Radiocontrast-induced nephropathy (RCIN) is a common cause of hospital-acquired acute renal failure and is associated with a high mortality rate. RCIN is potentially preventable, because administration of the radiocontrast agent is predictable, and a high-risk population has been identified. This multicenter, prospective, randomized, double-blind, placebo-controlled trial was performed to evaluate the efficacy of intravenous atrial natriuretic peptide (anaritide, ANP 4-28) to prevent RCIN. Patients with stable chronic renal failure (serum creatinine greater than 1.8 mg/dL or serum creatinine between 1.5 and 1.8 mg/dL with estimated creatinine clearance of < or = 65 mL/min) were assigned to receive either placebo or one of three doses of anaritide (0.01 microg/kg/min, 0.05 microg/kg/min, or 0.1 microg/kg/min) for 30 minutes before and continuing for 30 minutes after radiocontrast administration. All patients were given intravenous 0.45% saline for 12 hours before the radiocontrast procedure and continuing for 12 hours after the last dose of radiocontrast. Both ionic and nonionic radiocontrast agents were administered. RCIN was defined as either an absolute increase of serum creatinine of > or = 0.5 mg/dL or a percent increase of > or = 25% over baseline. Of the 247 patients who completed the study, 50% had diabetes mellitus. There were no statistical differences in baseline serum creatinine, change in serum creatinine, or the incidence of RCIN. The incidence of RCIN was placebo, 19%; anaritide (0.01), 23%; anaritide (0.05), 23%; anaritide (0.1), 25%. Patients with diabetes mellitus had a significantly greater incidence of RCIN: placebo, 26% versus 9%; anaritide (0.01), 33% versus 13%; anaritide (0.05), 26% versus 21%; anaritide (0.1), 39% versus 8% (diabetic v nondiabetic, P < 0.002). There was no effect in the diabetic or nondiabetic groups by anaritide on the incidence of RCIN. Comparison of the highest-risk group of patients, defined as patients with diabetes mellitus and a baseline serum creatinine > or = 1.8 mg/dL, with the lowest-risk group, defined as patients without diabetes mellitus and a baseline serum creatinine of 1.8 mg/dL or less, did not show a beneficial effect of anaritide administration. In conclusion, administration of intravenous anaritide before and during a radiocontrast study did not reduce the incidence of RCIN in patients with preexisting chronic renal failure, with or without diabetes mellitus.

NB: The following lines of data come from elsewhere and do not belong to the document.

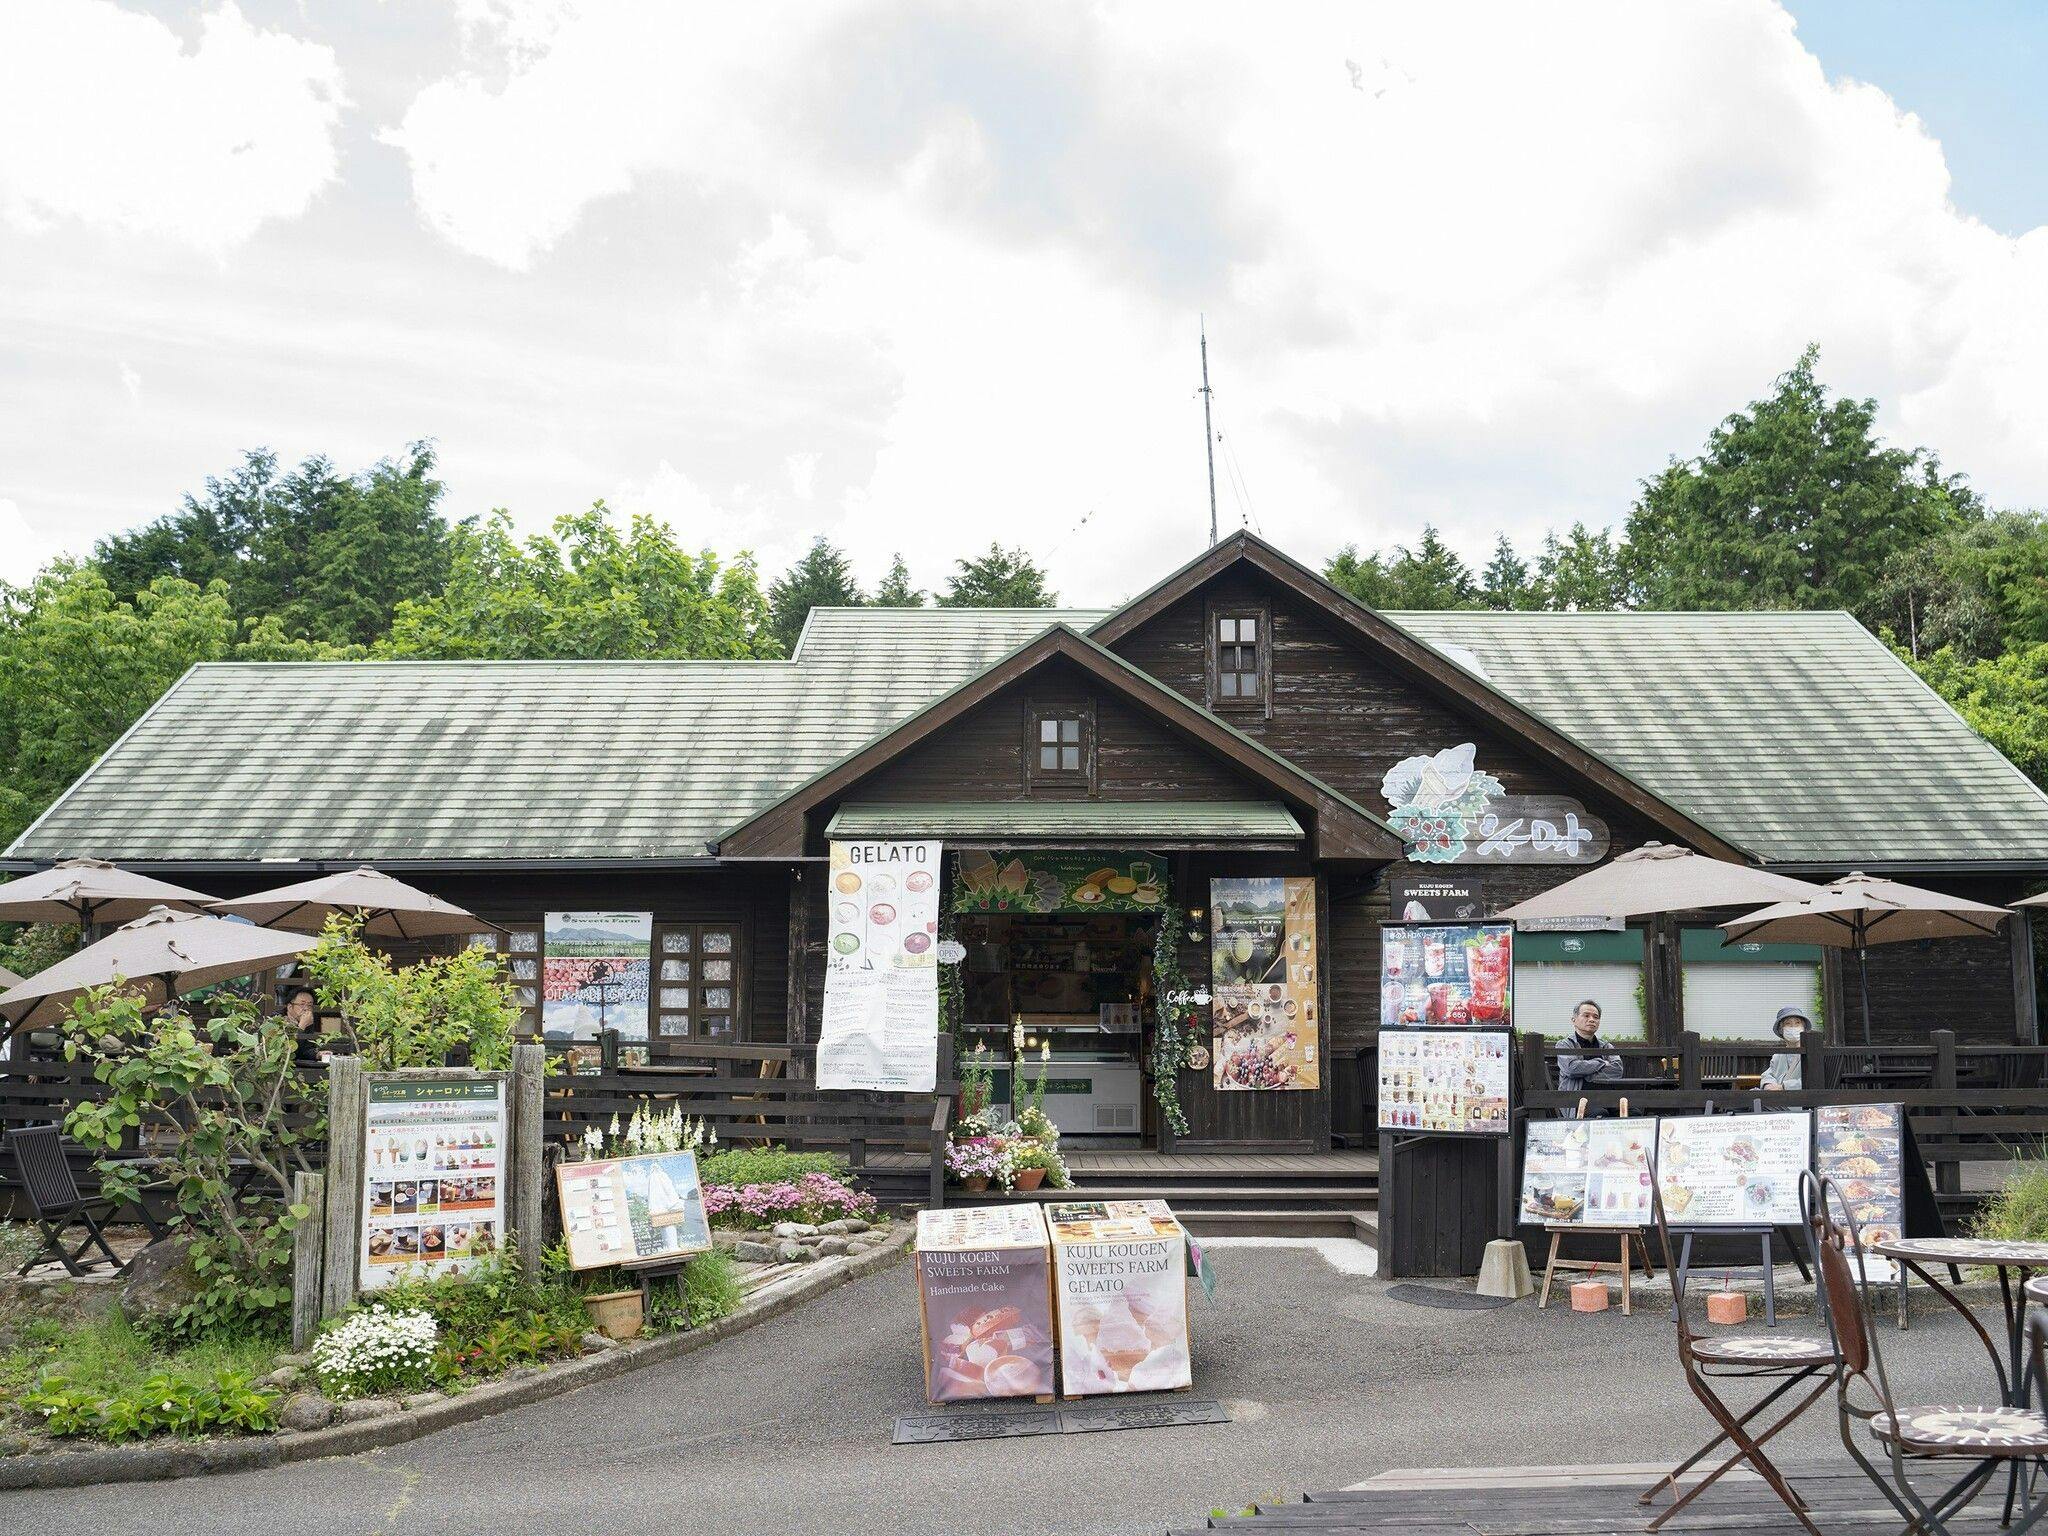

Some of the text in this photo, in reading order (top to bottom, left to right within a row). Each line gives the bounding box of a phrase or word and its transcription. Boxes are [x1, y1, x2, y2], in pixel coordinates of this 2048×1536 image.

[849, 844, 927, 864] GELATO
[1403, 889, 1469, 897] SWEETS FARM
[939, 948, 960, 958] OPEN
[1167, 990, 1195, 1005] Coffee
[415, 1086, 471, 1096] シャーロット
[925, 1251, 1000, 1264] KUJU KOGEN
[1066, 1243, 1168, 1260] KUJU KOUGEN
[926, 1264, 1010, 1278] SWEETS FARM
[1067, 1259, 1169, 1277] SWEETS FARM
[930, 1282, 1005, 1297] Handmade Cake
[1068, 1279, 1125, 1294] GELATO
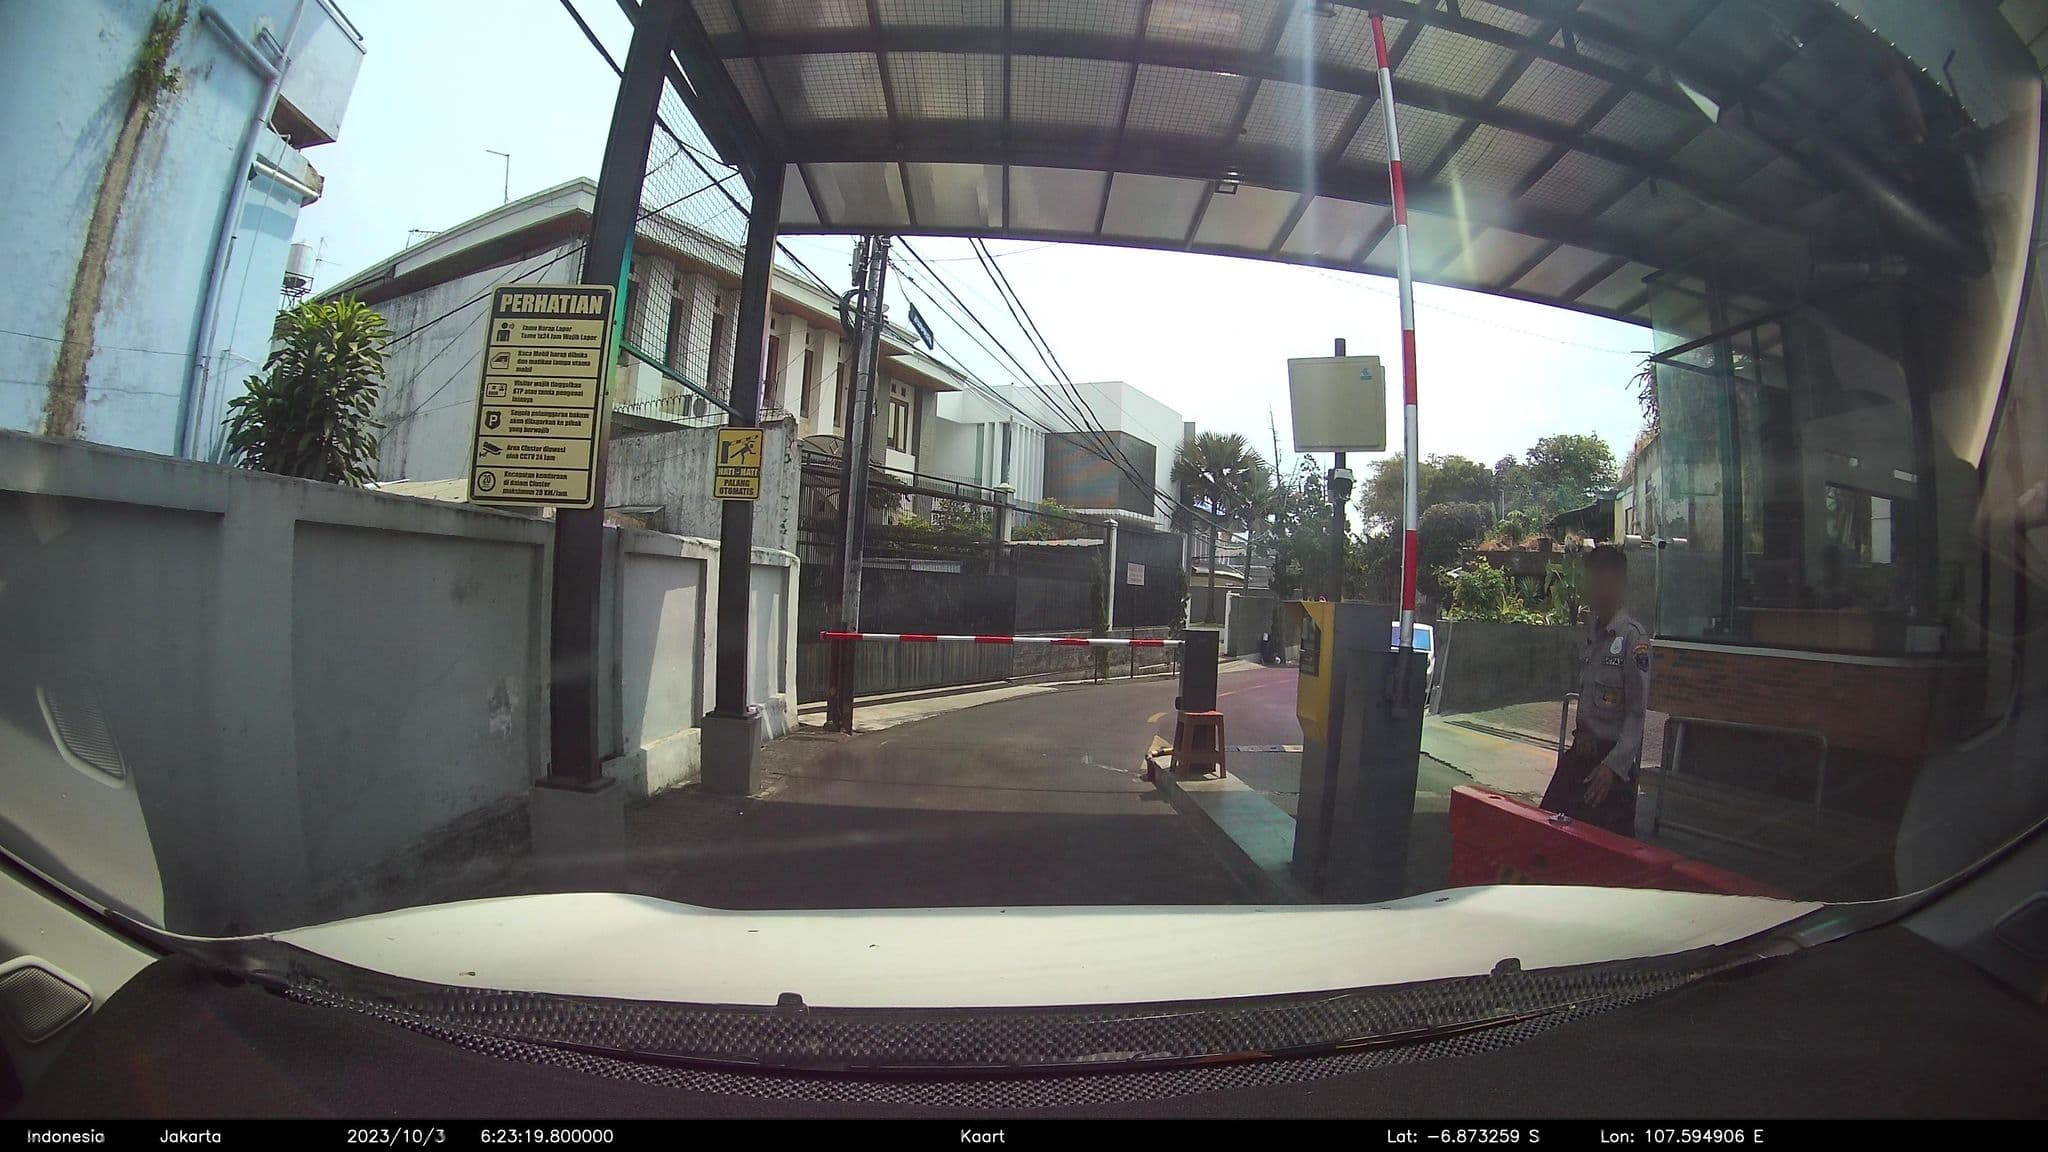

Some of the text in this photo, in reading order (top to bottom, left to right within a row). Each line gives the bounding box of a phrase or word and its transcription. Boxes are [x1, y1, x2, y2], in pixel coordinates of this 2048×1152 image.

[500, 294, 603, 314] PERHATIAN
[740, 468, 758, 477] HATI
[724, 479, 750, 488] PALANG
[720, 487, 754, 496] OTOMATIS

放射性造影剂所致肾病(RCIN)是医院获得性急性肾衰竭的常见病因,且与高死亡率相关。RCIN具有潜在可预防性,因为放射性造影剂的使用是可预测的,并且已识别出高危人群。开展这项多中心、前瞻性、随机、双盲、安慰剂对照试验以评估静脉注射心钠素(阿那立肽,ANP 4-28)预防RCIN的疗效。将稳定的慢性肾衰竭患者(血清肌酐大于1.8 mg/dL或血清肌酐在1.5至1.8 mg/dL之间且估计肌酐清除率≤65 mL/min)分配为接受安慰剂或三种剂量阿那立肽(0.01μg/kg/min、0.05μg/kg/min或0.1μg/kg/min)之一,在注射放射性造影剂前30分钟给药并持续至注射后30分钟。所有患者在放射性造影检查前静脉输注0.45%盐水12小时,并在最后一剂放射性造影剂后持续12小时。离子型和非离子型放射性造影剂均有使用。RCIN定义为血清肌酐绝对升高≥0.5 mg/dL或较基线升高≥25%。在完成研究的247例患者中,50%患有糖尿病。基线血清肌酐、血清肌酐变化或RCIN发生率无统计学差异。RCIN发生率为:安慰剂组19%;阿那立肽(0.01)组23%;阿那立肽(0.05)组23%;阿那立肽(0.1)组25%。糖尿病患者的RCIN发生率显著更高:安慰剂组为26%对9%;阿那立肽(0.01)组为33%对13%;阿那立肽(0.05)组为26%对21%;阿那立肽(0.1)组为39%对8%(糖尿病患者与非糖尿病患者,P<0.002)。阿那立肽对糖尿病组或非糖尿病组的RCIN发生率均无影响。将最高危患者组(定义为患有糖尿病且基线血清肌酐≥1.8 mg/dL的患者)与最低危患者组(定义为无糖尿病且基线血清肌酐≤1.8 mg/dL的患者)进行比较,未显示阿那立肽给药有有益作用。总之,在放射性造影检查前及检查期间静脉注射阿那立肽并不能降低已存在慢性肾衰竭患者(无论有无糖尿病)的RCIN发生率。